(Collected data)
-----

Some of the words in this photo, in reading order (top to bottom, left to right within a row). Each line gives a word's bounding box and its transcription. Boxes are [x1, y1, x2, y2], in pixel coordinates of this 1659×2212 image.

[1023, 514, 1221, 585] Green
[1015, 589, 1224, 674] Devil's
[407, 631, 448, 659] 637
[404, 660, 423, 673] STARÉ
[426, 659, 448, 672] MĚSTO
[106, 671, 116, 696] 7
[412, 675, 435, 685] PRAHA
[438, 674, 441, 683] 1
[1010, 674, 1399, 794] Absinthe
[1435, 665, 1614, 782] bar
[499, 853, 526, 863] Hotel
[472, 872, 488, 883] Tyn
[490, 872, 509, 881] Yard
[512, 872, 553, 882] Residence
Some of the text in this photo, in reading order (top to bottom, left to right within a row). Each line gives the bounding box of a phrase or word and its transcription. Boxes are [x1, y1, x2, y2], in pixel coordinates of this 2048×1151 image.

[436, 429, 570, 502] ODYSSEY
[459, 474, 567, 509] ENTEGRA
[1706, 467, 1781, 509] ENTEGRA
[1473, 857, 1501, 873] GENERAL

-----

▶ [WHAT THIS TASK INVOLVES] Your answer must be the line with "Some of the text" and all lines after it through the final line of the entries, copied exactly and with nothing added.

▶ [EXERCISE RESPONSE]
Some of the text in this photo, in reading order (top to bottom, left to right within a row). Each line gives the bounding box of a phrase or word and its transcription. Boxes are [x1, y1, x2, y2], in pixel coordinates of this 2048×1151 image.

[436, 429, 570, 502] ODYSSEY
[459, 474, 567, 509] ENTEGRA
[1706, 467, 1781, 509] ENTEGRA
[1473, 857, 1501, 873] GENERAL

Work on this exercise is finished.